The first first was deciding to publish it — a poem, no less — at all. That sort of crept up on me, as did the writing of the thing. Five minutes before I started Alice at R’lyeh, I had no intention of penning a 35-stanza mini-nonsense-epic about Lewis Carroll’s Alice (or, really, my version of Lewis Carroll’s Alice, because mine is slightly older, and slightly less Victorian) ending up in H P Lovecraft’s R’lyeh. It’s only because I happened to be near my computer with nothing to do when the first two lines popped into my head that I wrote it at all. Even then, I just thought, “This might be fun. I might get ten lines out of this.” Little did I know that my available writing time for the next ten days would be spent furiously trying to bend four-line aabb-rhymed nonsense stanzas to my increasingly tested will, while piling my desk with propped-open copies of Lovecraft’s The Dunwich Horror and Others, S T Joshi’s Lovecraft: A Life, and Alice W Flaherty’s The Midnight Disease (which alerted me to Lewis Carroll’s inveterate letter-writing, the first tenuous link between Carroll and Lovecraft I came up with), among other books. (Not to mention a good deal of web-searching. Who would have thought “vigintillion” has a different magnitude to English and American mathematicians? And which would the American Anglophile Lovecraft have meant when he used it to describe Cthulhu’s age?)

The illustrations weren’t planned either.

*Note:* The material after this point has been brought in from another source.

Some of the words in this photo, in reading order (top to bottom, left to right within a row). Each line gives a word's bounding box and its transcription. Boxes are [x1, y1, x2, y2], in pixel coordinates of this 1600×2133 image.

It was only because I thought, “I wonder what my version of Alice would look like”, and tried out a few sketches, and actually came up with something I liked, that I went any further in that direction. (Also when I realised the key to drawing Lovecraft, which had up to then eluded me, is just how stern he looks in his more famous photographs. So much so that when you actually see a photo of him smiling, it sort of takes you aback.) Once I’d come up with an Alice and a Lovecraft, I realised there was nothing for it but to try a few illustrations for my poem. And perhaps a cover. And, once I’d done a cover, there was no excuse for it. The thought that had been niggling around in the back of my mind just had to come out and niggle in the forefront, too: I might as well try and publish the damn thing.

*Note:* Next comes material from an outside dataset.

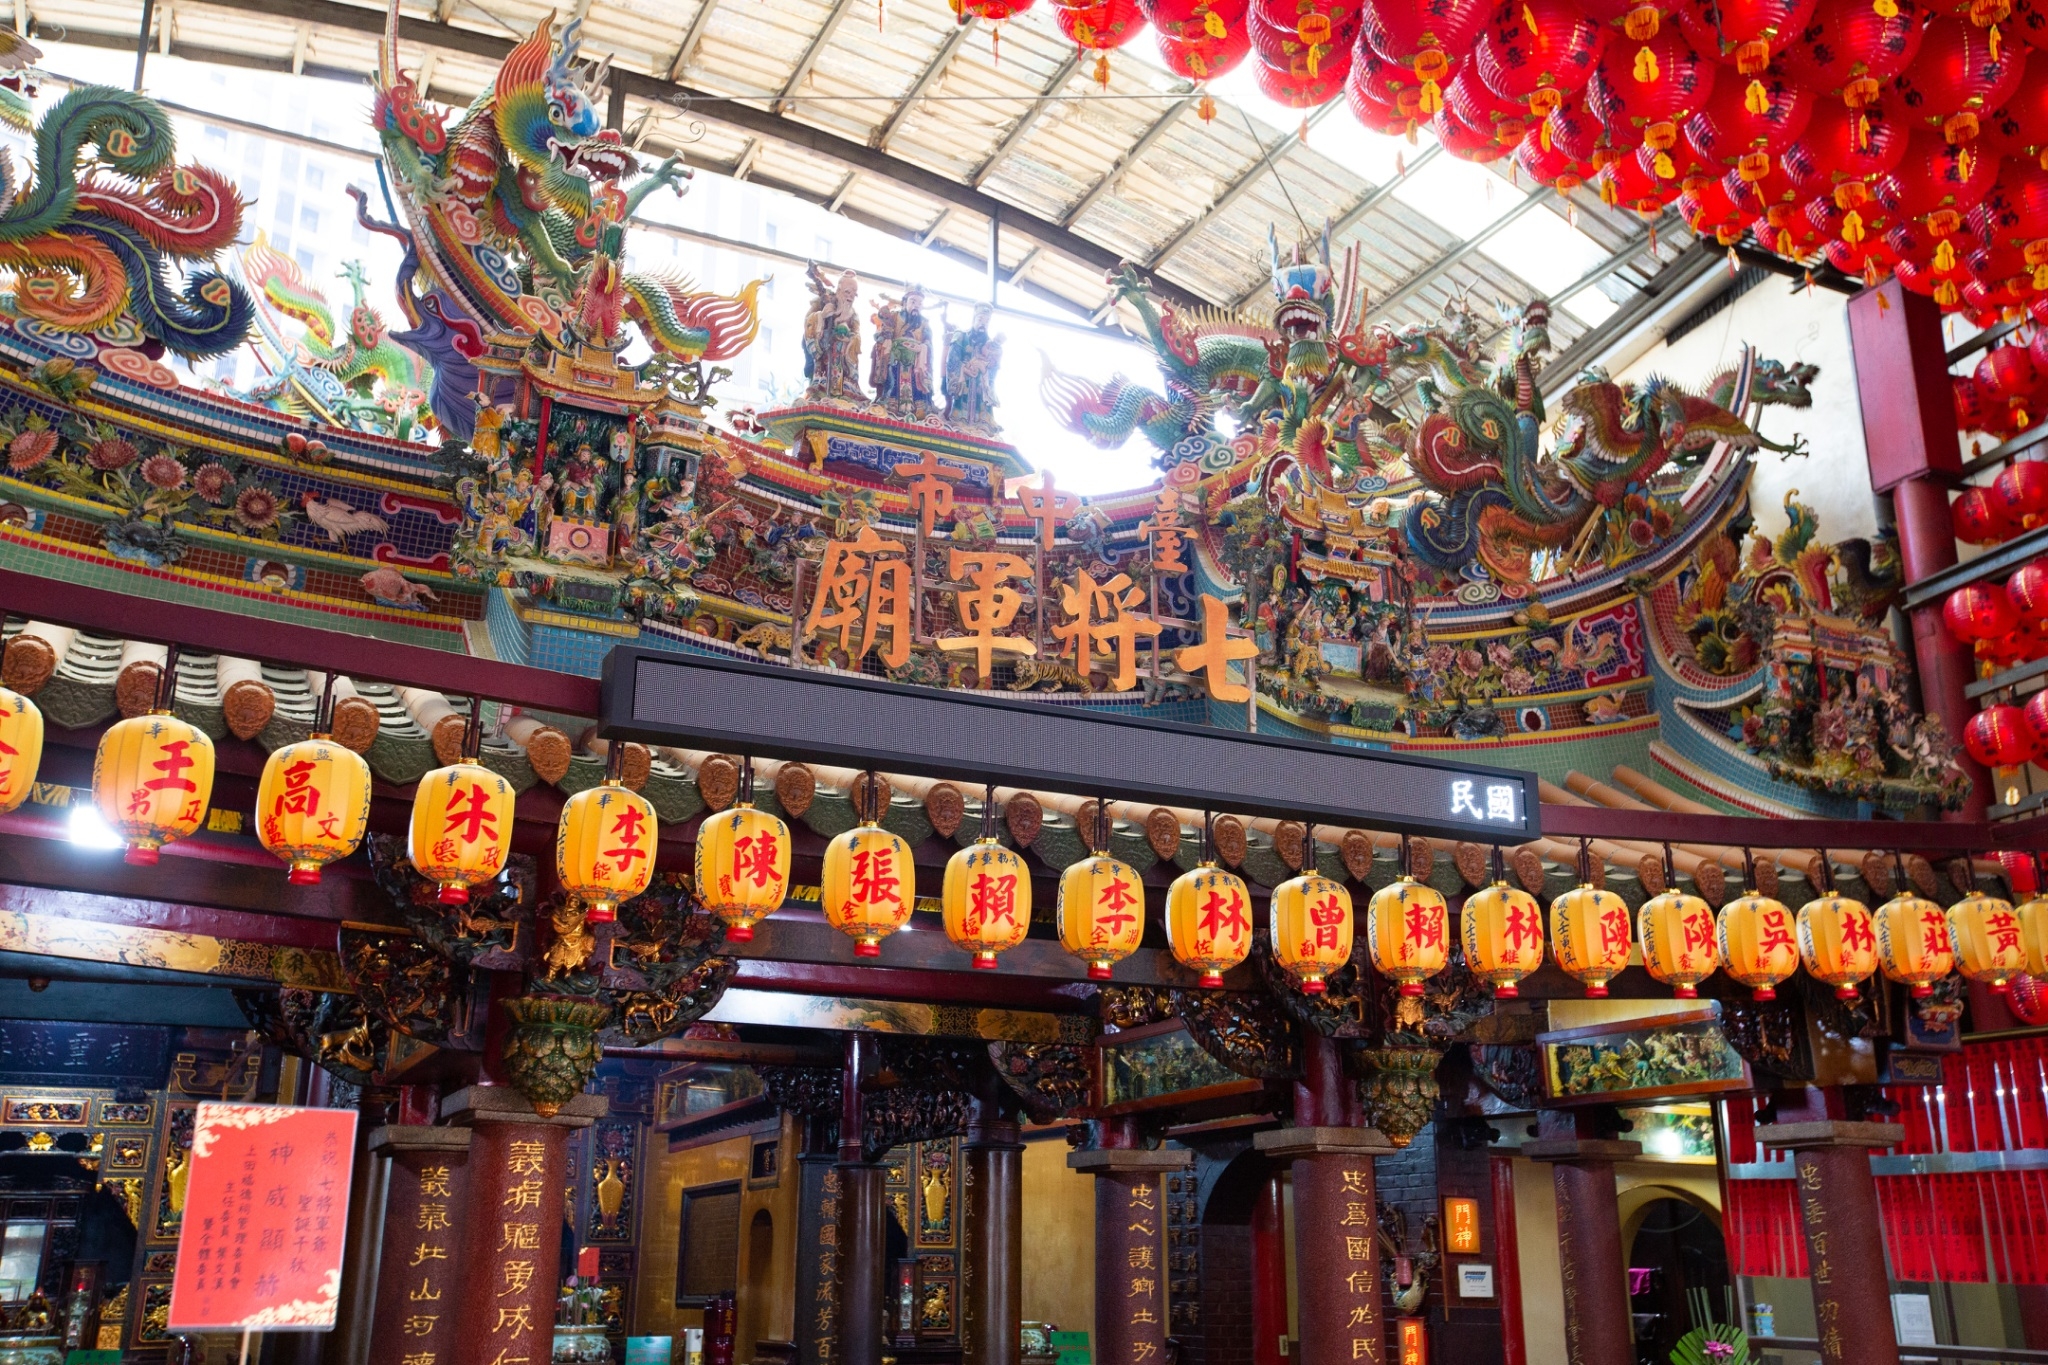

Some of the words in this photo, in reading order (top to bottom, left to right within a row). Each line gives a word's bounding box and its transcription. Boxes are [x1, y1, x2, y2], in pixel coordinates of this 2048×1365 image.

[805, 525, 1261, 704] 七將軍廟
[1451, 780, 1515, 822] 民國
[1197, 888, 1250, 943] 林

So, I completed the illustrations and coloured them. (Giving up on the idea of trying to represent the “wrong angles” of R’lyeh with a bit of Escher-like visual trickery. I always get ideas much bigger than my abilities.) This was the first time I’d ever worked seriously at drawing, with the aim of producing a real, proper, final product, and so the first time I’ve ever done version after version till I got it right. Once I’d coloured them (in Photoshop — the illos were done using pencil, brush-pen and tracing paper, but coloured entirely on computer), I produced some postcard-sized versions and had them printed out via Moo.com, to get an idea of what they’d look like. (Plus, I have to admit, as a little treat for having finished them.)

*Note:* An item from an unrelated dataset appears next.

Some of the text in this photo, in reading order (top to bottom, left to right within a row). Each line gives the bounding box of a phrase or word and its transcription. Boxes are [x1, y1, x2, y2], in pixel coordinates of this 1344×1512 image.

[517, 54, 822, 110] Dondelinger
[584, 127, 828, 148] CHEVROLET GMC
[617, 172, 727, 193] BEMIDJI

My first unnecessary expense! One of many!

Then came the bit I knew I’d have real difficulty with — producing a print-ready PDF. This was something OS X’s print-to-PDF function was going to be wildly inadequate for. What I needed was a program which would give me control over the dpi of images, and the embedding of fonts and so on. (This is about as far as my knowledge of PDF preparations goes — I know enough to know how little I know.) What I needed was a small-scale DTP program, or so I thought. It was only when I started searching the web for a likely candidate that I realised small-scale DTP programs are pretty much a dying breed. Nowadays, it seems, you’ve got either a bunch of very easy-to-use, consumer-oriented lightweights, like Apple’s Pages (or some even worse shareware ones I won’t name), which don’t give you anything like the sort of control you need to produce a print-ready PDF, or you have to stump up for Adobe Acrobat, which in current money is, as Tony Hancock would say, very nearly an armful. An added difficulty was that, looking at printer’s websites, a lot of them were very fussy about what sort of PDFs they’d take — some insisted on only having PDFs generated by Acrobat, or they wouldn’t take responsibility for the results. Others insisted on charging a look-over fee to check your PDF, simply to reject it if it wasn’t right. I didn’t mind paying a bit extra for some guidance, but I was beginning to feel this was one of those situations where the step from amateur to professional was about a mile high, and likely to end in expense and embarrassment for a stumbling dilettante like myself.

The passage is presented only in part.